Get insights on the architecture of Spark.

Spark design

Spark is a distributed parallel data-processing framework and bears many similarities to the traditional MapReduce framework. Spark has the same leader-worker architecture as MapReduce, the leader process coordinates and distributes work to be performed among work processes. These two kinds of processes are formally called the driver and the executor.

Driver

The driver is the leader process that manages the execution of a Spark job. It is responsible for maintaining the overall state of the Spark application, responding to a user's program or input and analyzing, distributing and scheduling work among executor processes. The driver process is in essence the heart of the Spark application and maintains all application related information during an application's lifetime.

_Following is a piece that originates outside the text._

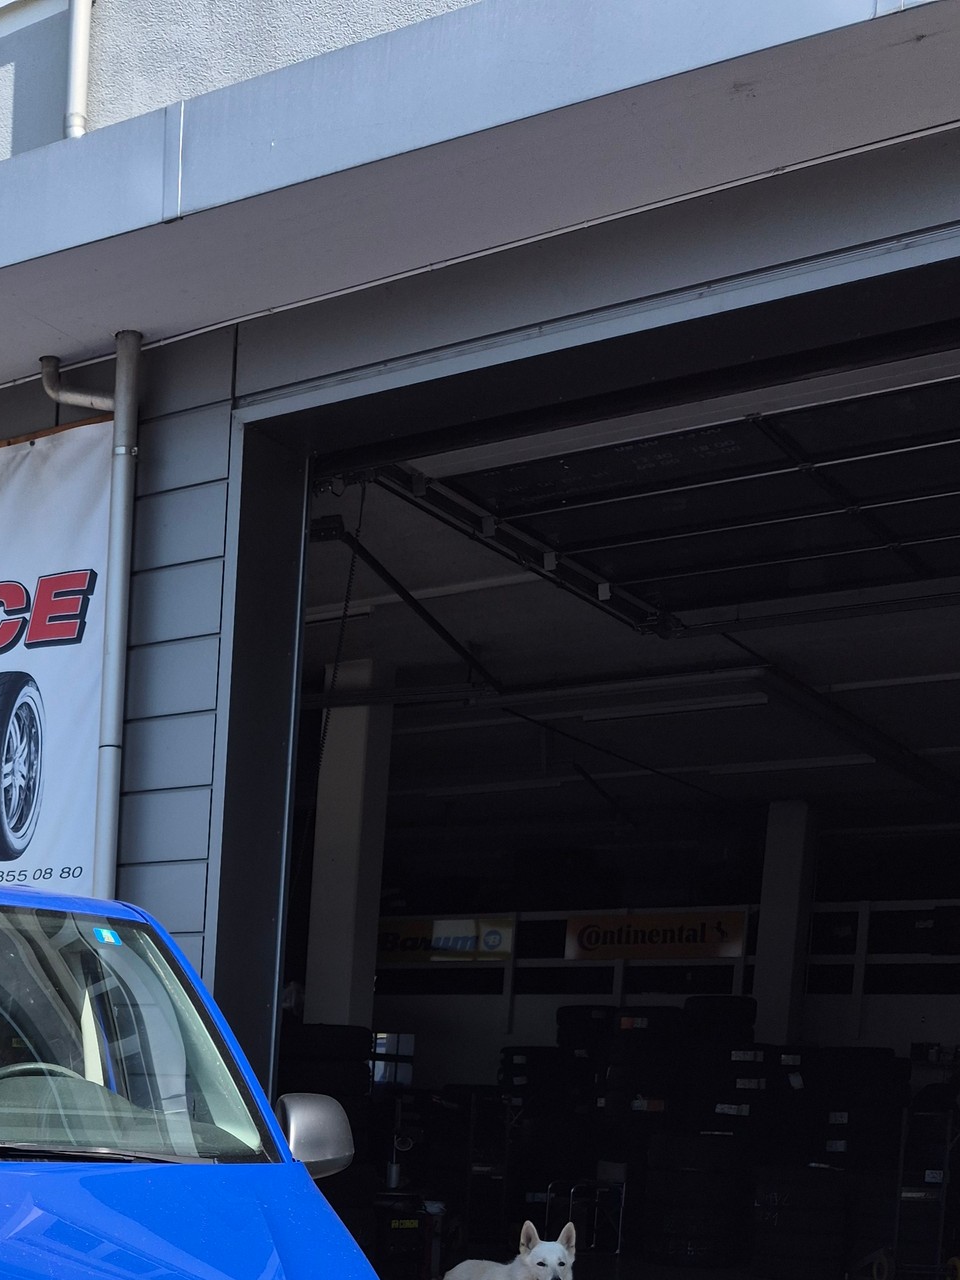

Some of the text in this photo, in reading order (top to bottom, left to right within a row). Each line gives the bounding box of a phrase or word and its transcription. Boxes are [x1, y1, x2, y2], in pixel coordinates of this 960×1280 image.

[32, 867, 53, 881] 08
[59, 866, 83, 879] 80
[577, 921, 707, 951] Continental

Spark Driver converts Spark operations into DAG computations and schedules and distributes them as tasks across the Spark executors. The Spark Driver accesses the distributed components in the cluster, including the executors and the cluster manager, via the SparkSession. You can consider the SparkSession to be a single point of entry and access to all Spark operations and data. Through SparkSession we can read from data sources, write DataFrames or Datasets, create runtime JVM params, etc. In essence, SparkSession is the unified conduit to all of Spark functionality. If we are using the interactive spark-shell, the Spark driver instantiates the SparkSession for us, whereas if we are in a Spark application, we’ll create the SparkSession ourselves. We’ll look at examples of both in the lessons ahead.

Executor

Executors are the worker processes that execute the code assigned to them by the driver process and report the state of the computation on that executor back to the driver.

Once the resources have been allocated, the Driver directly communicates with the executors. In most deployment modes a single executor runs per node. Spark executors are assigned tasks that require working on a subset of data located closest to them in the cluster. Working on data in close proximity is referred to as data locality and helps reduce the consumption of network bandwidth.